Your assignment =>
Every record below is to be restated word for word, and no picture is to be copied.

Input data =>
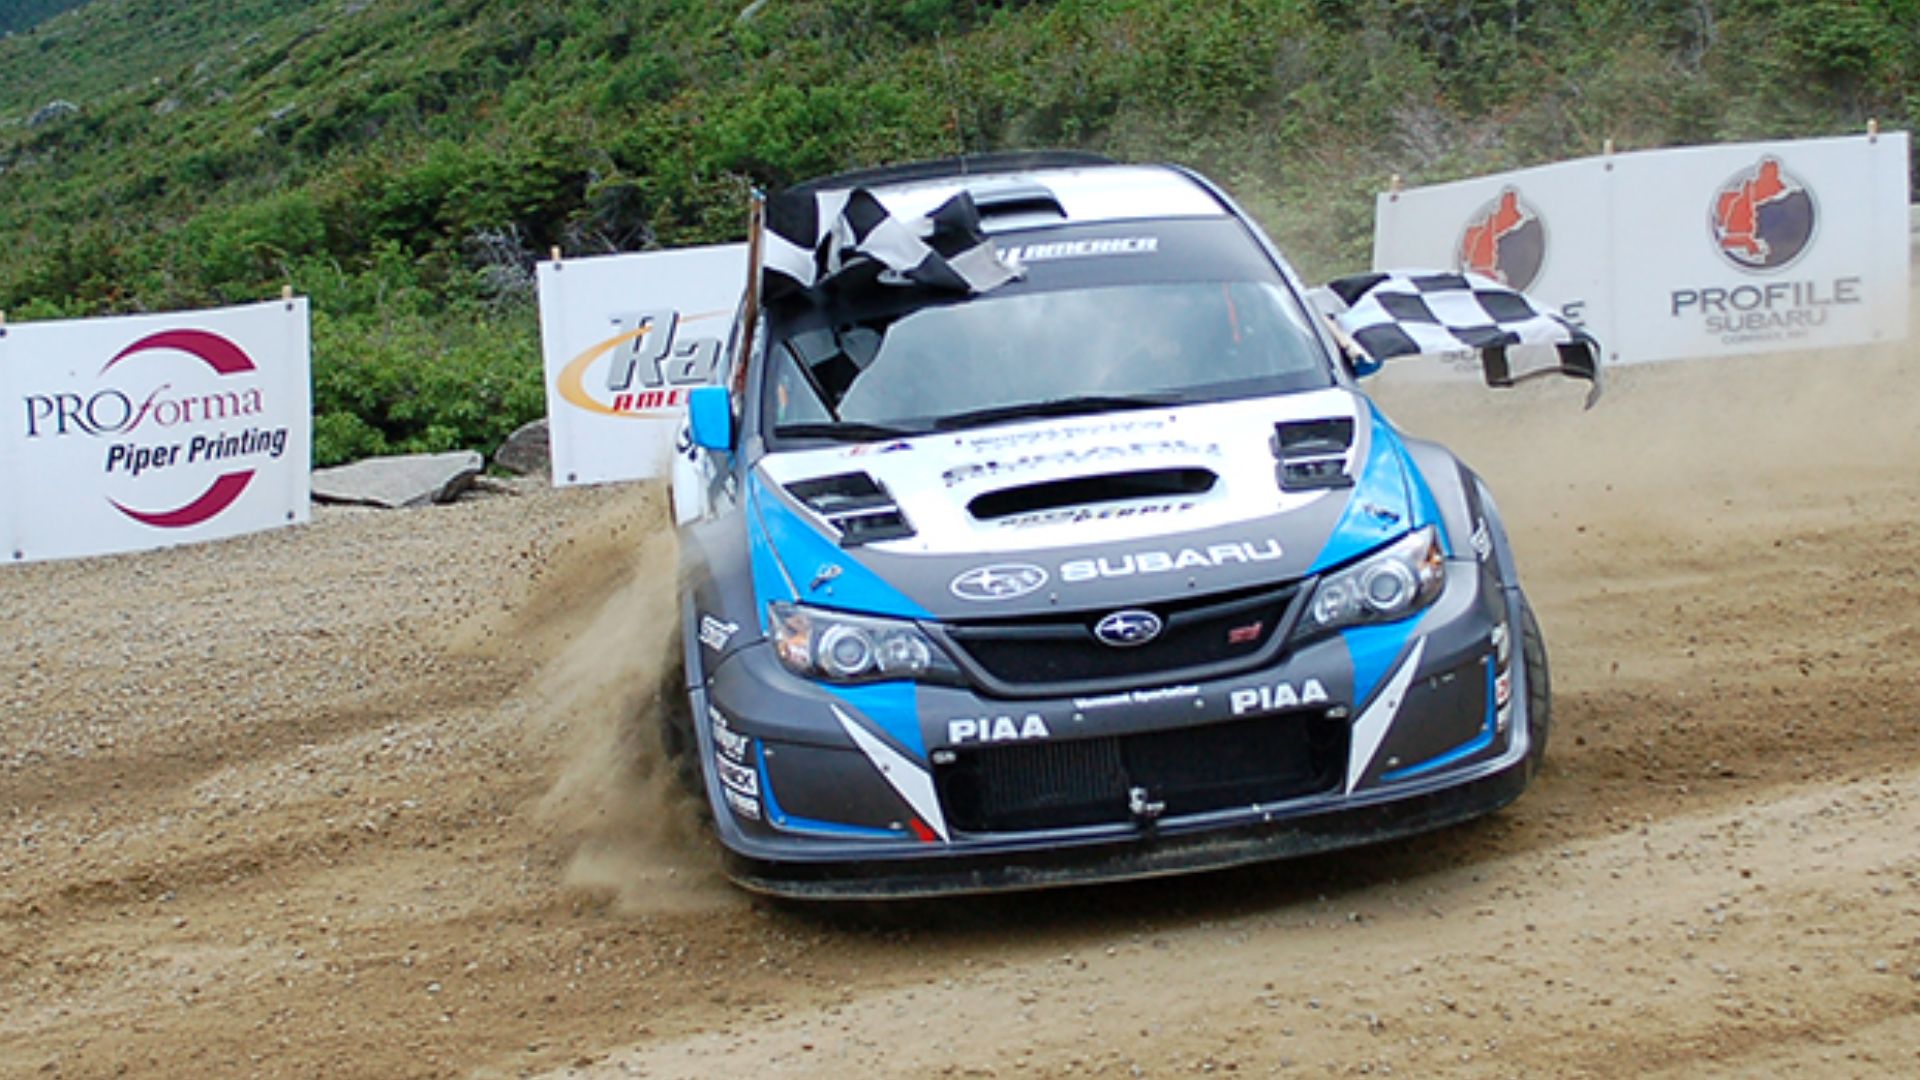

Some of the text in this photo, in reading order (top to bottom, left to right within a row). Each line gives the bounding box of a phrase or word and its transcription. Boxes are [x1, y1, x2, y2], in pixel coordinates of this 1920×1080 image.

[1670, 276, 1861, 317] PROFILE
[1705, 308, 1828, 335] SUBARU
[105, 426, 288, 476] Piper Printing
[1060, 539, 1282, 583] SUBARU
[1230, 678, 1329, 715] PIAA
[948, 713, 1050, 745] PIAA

Expected answer =>
Some of the text in this photo, in reading order (top to bottom, left to right within a row). Each line gives the bounding box of a phrase or word and its transcription. Boxes are [x1, y1, x2, y2], in pixel coordinates of this 1920×1080 image.

[1670, 276, 1861, 317] PROFILE
[1705, 308, 1828, 335] SUBARU
[105, 426, 288, 476] Piper Printing
[1060, 539, 1282, 583] SUBARU
[1230, 678, 1329, 715] PIAA
[948, 713, 1050, 745] PIAA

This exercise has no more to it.